• **TASK REQUIREMENTS**
Whatever runs from the line with "this 1280×960 image." to the end of the records below must be copied exactly, with nothing else included.

• **MATERIAL PROVIDED**
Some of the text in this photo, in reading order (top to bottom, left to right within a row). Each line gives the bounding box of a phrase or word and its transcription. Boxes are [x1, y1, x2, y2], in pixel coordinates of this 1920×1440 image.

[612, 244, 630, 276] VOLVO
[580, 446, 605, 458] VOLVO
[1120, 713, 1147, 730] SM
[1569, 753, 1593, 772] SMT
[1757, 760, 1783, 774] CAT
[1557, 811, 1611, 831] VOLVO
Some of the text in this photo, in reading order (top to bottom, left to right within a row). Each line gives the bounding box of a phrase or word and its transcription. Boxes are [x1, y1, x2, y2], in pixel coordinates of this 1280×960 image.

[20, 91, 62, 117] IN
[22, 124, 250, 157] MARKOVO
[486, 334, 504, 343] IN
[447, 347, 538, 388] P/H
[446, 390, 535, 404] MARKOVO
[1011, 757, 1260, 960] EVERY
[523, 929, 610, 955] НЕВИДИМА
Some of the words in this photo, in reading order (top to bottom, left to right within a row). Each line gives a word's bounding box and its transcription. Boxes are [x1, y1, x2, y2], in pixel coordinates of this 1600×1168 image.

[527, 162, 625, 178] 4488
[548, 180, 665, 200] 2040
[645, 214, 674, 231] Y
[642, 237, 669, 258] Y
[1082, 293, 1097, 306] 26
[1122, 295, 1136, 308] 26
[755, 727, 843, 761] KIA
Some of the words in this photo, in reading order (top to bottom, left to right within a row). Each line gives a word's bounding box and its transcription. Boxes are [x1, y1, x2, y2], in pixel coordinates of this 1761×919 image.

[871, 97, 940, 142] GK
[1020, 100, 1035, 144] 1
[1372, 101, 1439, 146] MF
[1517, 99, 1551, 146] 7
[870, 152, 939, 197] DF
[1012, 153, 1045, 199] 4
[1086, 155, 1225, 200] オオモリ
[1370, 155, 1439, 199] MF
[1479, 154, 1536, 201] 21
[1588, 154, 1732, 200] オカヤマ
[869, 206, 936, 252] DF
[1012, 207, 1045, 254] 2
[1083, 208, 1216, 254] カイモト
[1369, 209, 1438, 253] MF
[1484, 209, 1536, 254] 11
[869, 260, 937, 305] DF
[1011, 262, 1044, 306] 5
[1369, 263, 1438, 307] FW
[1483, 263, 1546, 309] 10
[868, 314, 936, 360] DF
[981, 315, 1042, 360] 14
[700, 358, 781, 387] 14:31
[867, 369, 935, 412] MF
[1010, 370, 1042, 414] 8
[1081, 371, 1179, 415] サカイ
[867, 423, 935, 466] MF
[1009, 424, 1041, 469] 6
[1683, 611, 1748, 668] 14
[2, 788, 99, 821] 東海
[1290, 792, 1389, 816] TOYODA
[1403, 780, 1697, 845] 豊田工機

• **ANSWER AREA**
Some of the text in this photo, in reading order (top to bottom, left to right within a row). Each line gives the bounding box of a phrase or word and its transcription. Boxes are [x1, y1, x2, y2], in pixel coordinates of this 1280×960 image.

[20, 91, 62, 117] IN
[22, 124, 250, 157] MARKOVO
[486, 334, 504, 343] IN
[447, 347, 538, 388] P/H
[446, 390, 535, 404] MARKOVO
[1011, 757, 1260, 960] EVERY
[523, 929, 610, 955] НЕВИДИМА
Some of the words in this photo, in reading order (top to bottom, left to right within a row). Each line gives a word's bounding box and its transcription. Boxes are [x1, y1, x2, y2], in pixel coordinates of this 1600×1168 image.

[527, 162, 625, 178] 4488
[548, 180, 665, 200] 2040
[645, 214, 674, 231] Y
[642, 237, 669, 258] Y
[1082, 293, 1097, 306] 26
[1122, 295, 1136, 308] 26
[755, 727, 843, 761] KIA
Some of the words in this photo, in reading order (top to bottom, left to right within a row). Each line gives a word's bounding box and its transcription. Boxes are [x1, y1, x2, y2], in pixel coordinates of this 1761×919 image.

[871, 97, 940, 142] GK
[1020, 100, 1035, 144] 1
[1372, 101, 1439, 146] MF
[1517, 99, 1551, 146] 7
[870, 152, 939, 197] DF
[1012, 153, 1045, 199] 4
[1086, 155, 1225, 200] オオモリ
[1370, 155, 1439, 199] MF
[1479, 154, 1536, 201] 21
[1588, 154, 1732, 200] オカヤマ
[869, 206, 936, 252] DF
[1012, 207, 1045, 254] 2
[1083, 208, 1216, 254] カイモト
[1369, 209, 1438, 253] MF
[1484, 209, 1536, 254] 11
[869, 260, 937, 305] DF
[1011, 262, 1044, 306] 5
[1369, 263, 1438, 307] FW
[1483, 263, 1546, 309] 10
[868, 314, 936, 360] DF
[981, 315, 1042, 360] 14
[700, 358, 781, 387] 14:31
[867, 369, 935, 412] MF
[1010, 370, 1042, 414] 8
[1081, 371, 1179, 415] サカイ
[867, 423, 935, 466] MF
[1009, 424, 1041, 469] 6
[1683, 611, 1748, 668] 14
[2, 788, 99, 821] 東海
[1290, 792, 1389, 816] TOYODA
[1403, 780, 1697, 845] 豊田工機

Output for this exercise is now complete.